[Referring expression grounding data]
=-=-=-=-=
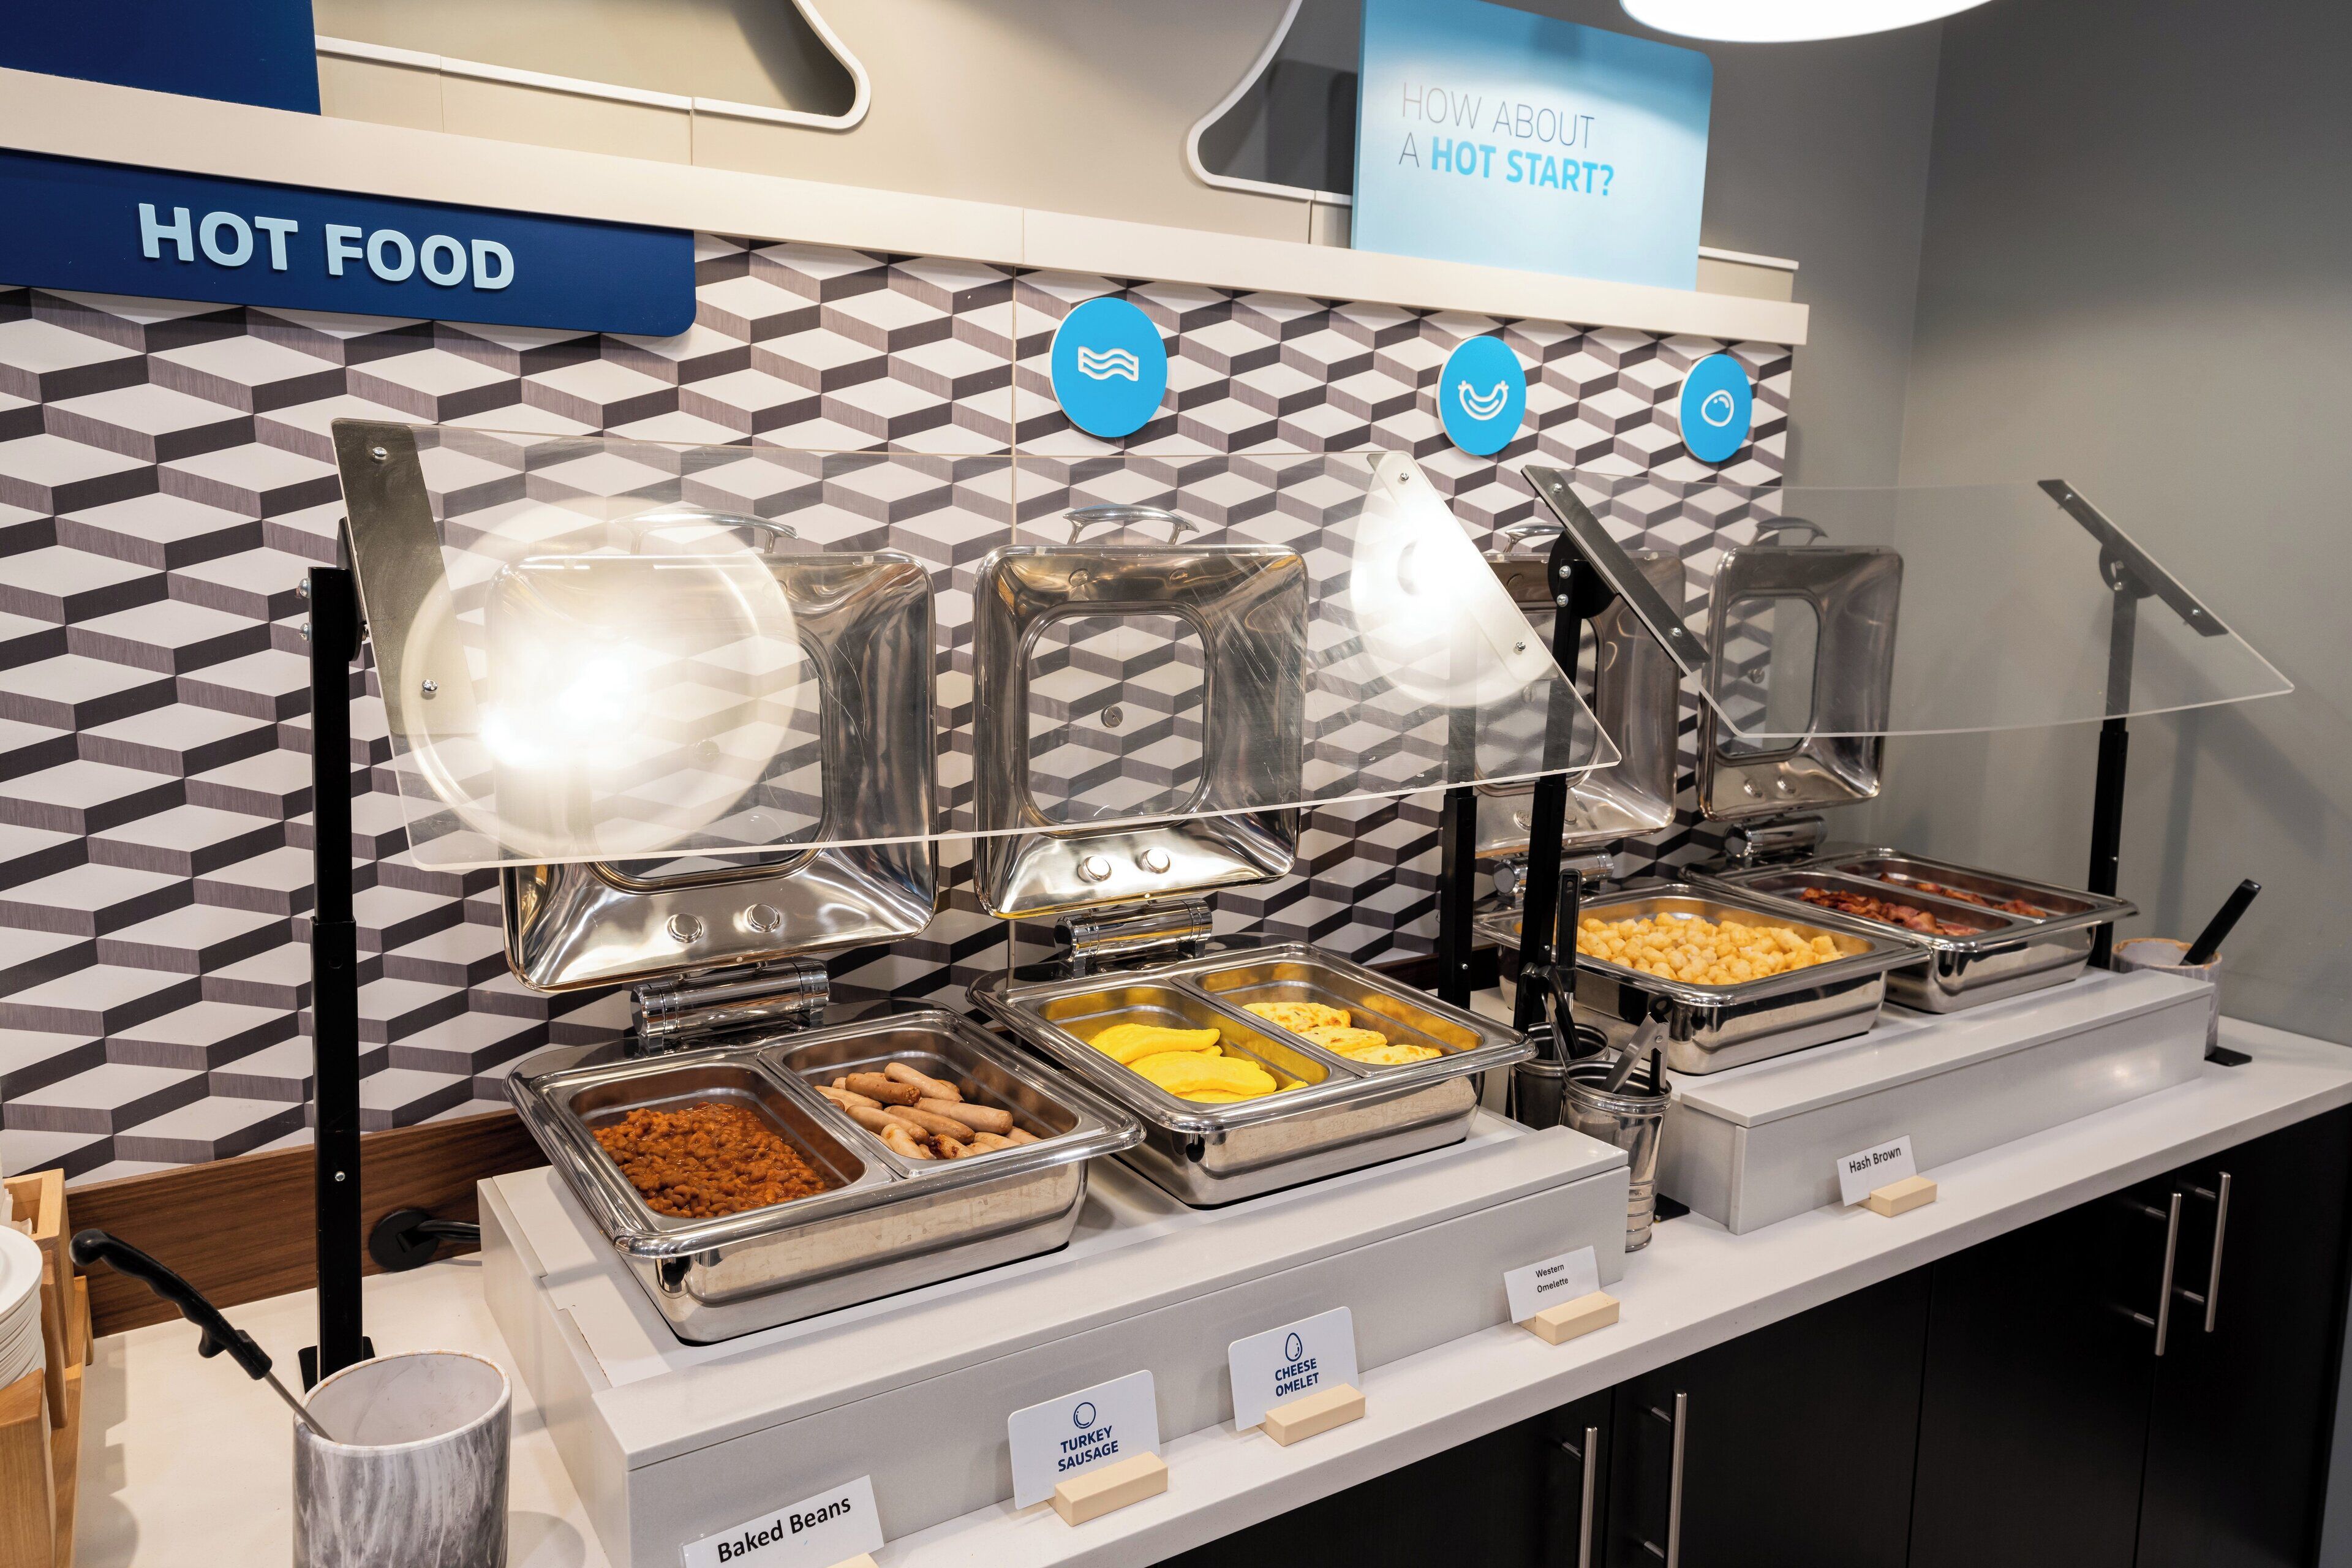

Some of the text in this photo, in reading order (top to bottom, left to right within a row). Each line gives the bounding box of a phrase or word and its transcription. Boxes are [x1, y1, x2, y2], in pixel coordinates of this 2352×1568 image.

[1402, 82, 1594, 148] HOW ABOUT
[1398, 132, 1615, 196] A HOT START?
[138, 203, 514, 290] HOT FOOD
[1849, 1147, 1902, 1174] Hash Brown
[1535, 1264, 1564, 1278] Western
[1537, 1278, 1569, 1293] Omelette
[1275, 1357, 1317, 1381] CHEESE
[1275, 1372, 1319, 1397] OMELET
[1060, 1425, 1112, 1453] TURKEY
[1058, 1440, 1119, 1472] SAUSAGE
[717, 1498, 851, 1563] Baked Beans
=-=-=-=-=
## Exercise description
All of the data, minus its pictures, should be repeated exactly.

## Exercise response
Some of the text in this photo, in reading order (top to bottom, left to right within a row). Each line gives the bounding box of a phrase or word and its transcription. Boxes are [x1, y1, x2, y2], in pixel coordinates of this 2352×1568 image.

[1402, 82, 1594, 148] HOW ABOUT
[1398, 132, 1615, 196] A HOT START?
[138, 203, 514, 290] HOT FOOD
[1849, 1147, 1902, 1174] Hash Brown
[1535, 1264, 1564, 1278] Western
[1537, 1278, 1569, 1293] Omelette
[1275, 1357, 1317, 1381] CHEESE
[1275, 1372, 1319, 1397] OMELET
[1060, 1425, 1112, 1453] TURKEY
[1058, 1440, 1119, 1472] SAUSAGE
[717, 1498, 851, 1563] Baked Beans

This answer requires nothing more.